• [Work task]: Word for word, restate the listing that follows and leave out the images.
------------------------------
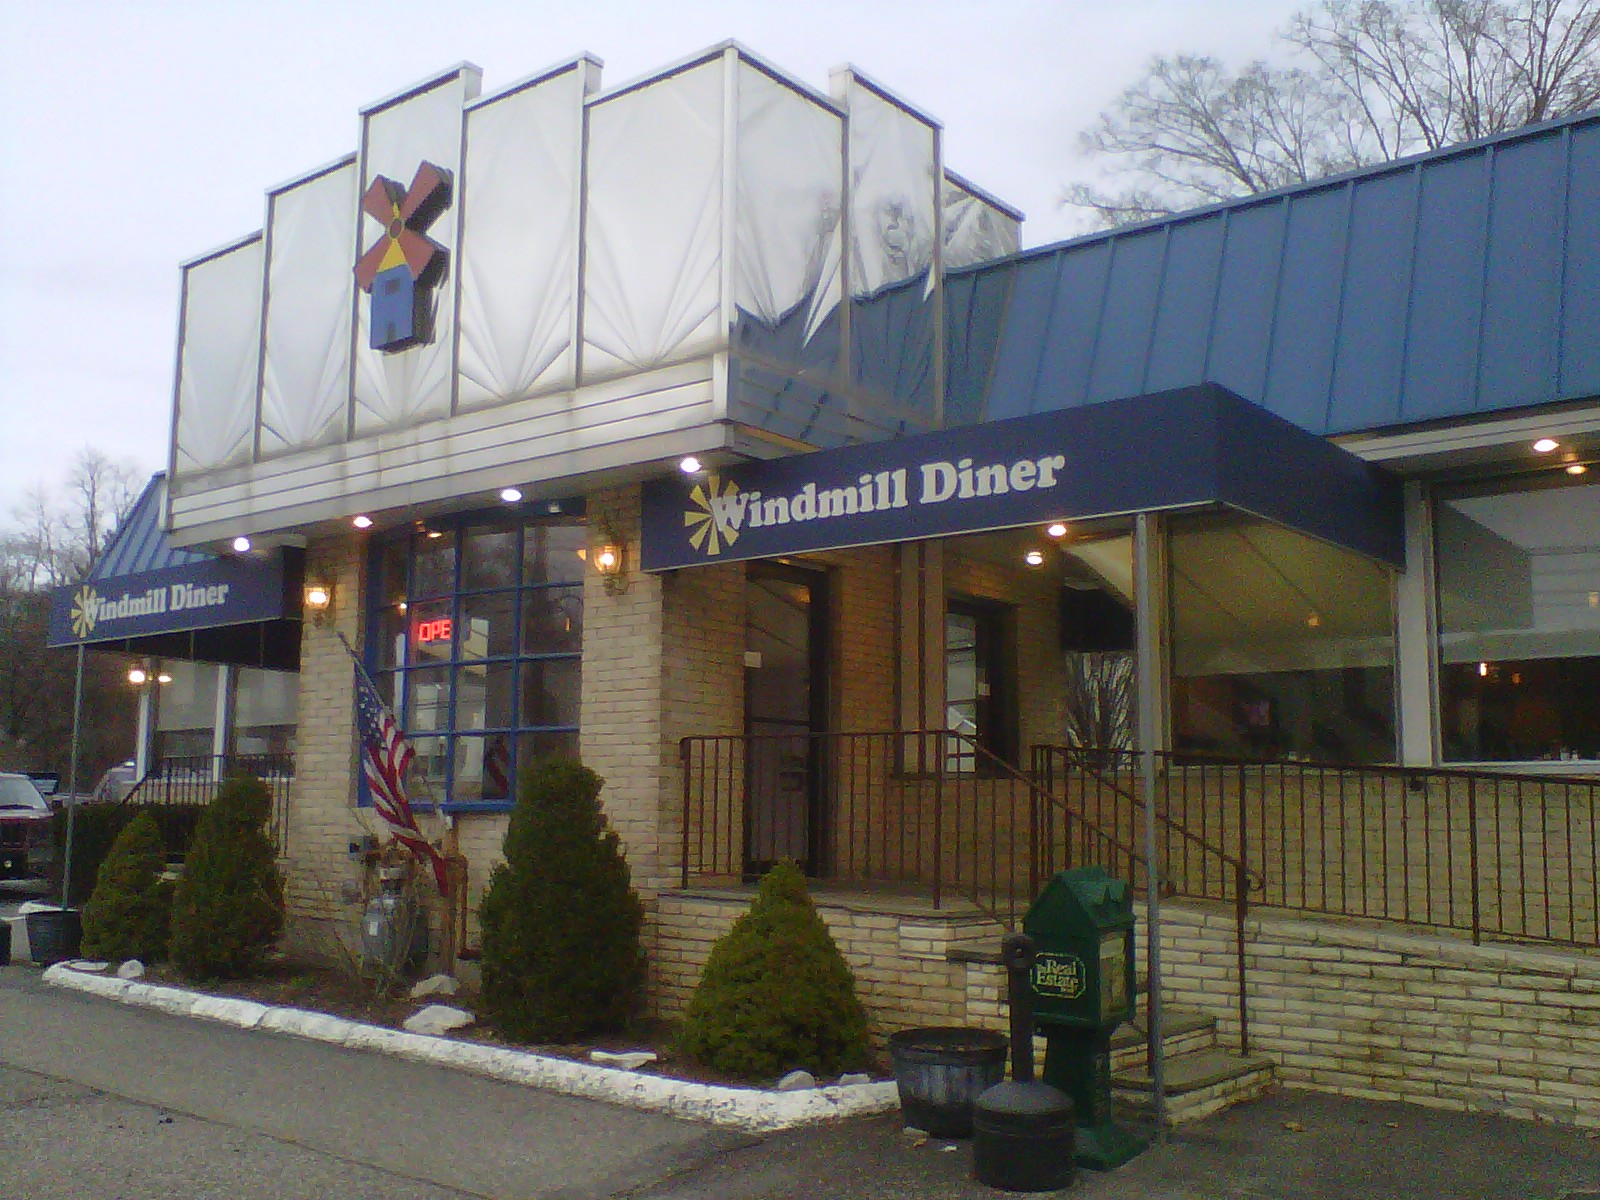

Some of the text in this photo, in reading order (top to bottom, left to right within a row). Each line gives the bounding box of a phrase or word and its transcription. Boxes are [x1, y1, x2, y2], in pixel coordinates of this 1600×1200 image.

[711, 455, 1066, 531] Windmill Diner
[84, 583, 229, 622] Windmill Diner
[418, 619, 452, 641] OPE
[1046, 959, 1077, 975] Real
[1036, 971, 1079, 987] Estate
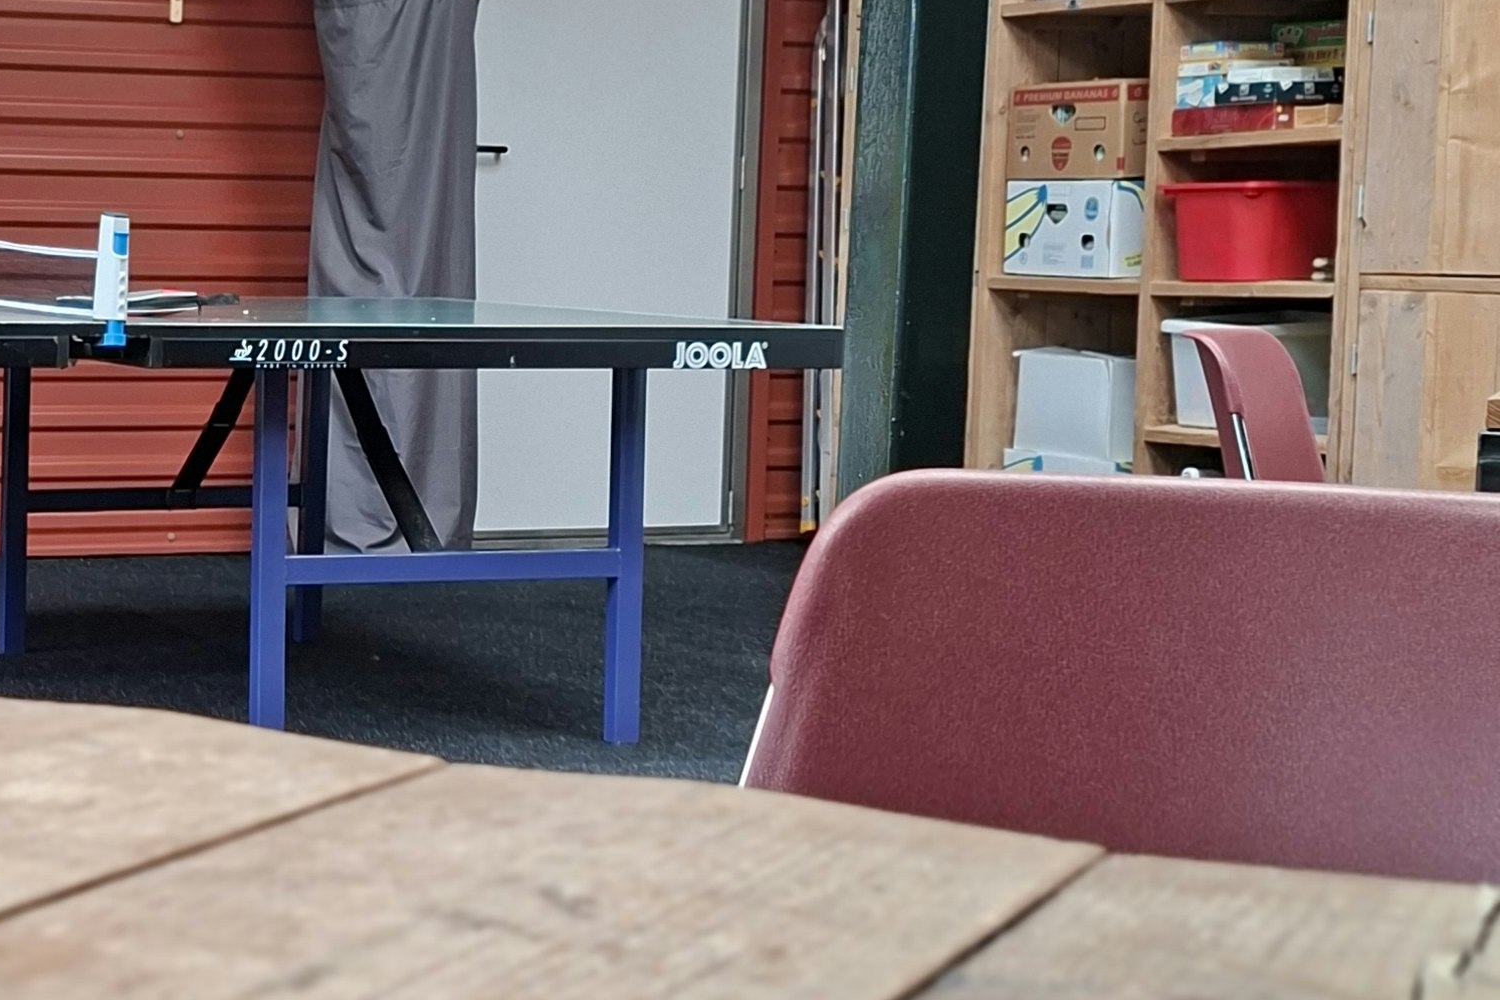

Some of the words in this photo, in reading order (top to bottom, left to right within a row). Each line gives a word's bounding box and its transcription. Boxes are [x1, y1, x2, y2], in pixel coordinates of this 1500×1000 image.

[1023, 90, 1062, 103] PREMIUM
[1063, 88, 1108, 100] BANANAS
[256, 338, 349, 361] 2000-S
[672, 341, 768, 370] JOOLA
------------------------------
• [Output]:
Some of the text in this photo, in reading order (top to bottom, left to right within a row). Each line gives the bounding box of a phrase or word and its transcription. Boxes are [x1, y1, x2, y2], in pixel coordinates of this 1600×1200 image.

[711, 455, 1066, 531] Windmill Diner
[84, 583, 229, 622] Windmill Diner
[418, 619, 452, 641] OPE
[1046, 959, 1077, 975] Real
[1036, 971, 1079, 987] Estate

Some of the words in this photo, in reading order (top to bottom, left to right within a row). Each line gives a word's bounding box and its transcription. Boxes are [x1, y1, x2, y2], in pixel coordinates of this 1500×1000 image.

[1023, 90, 1062, 103] PREMIUM
[1063, 88, 1108, 100] BANANAS
[256, 338, 349, 361] 2000-S
[672, 341, 768, 370] JOOLA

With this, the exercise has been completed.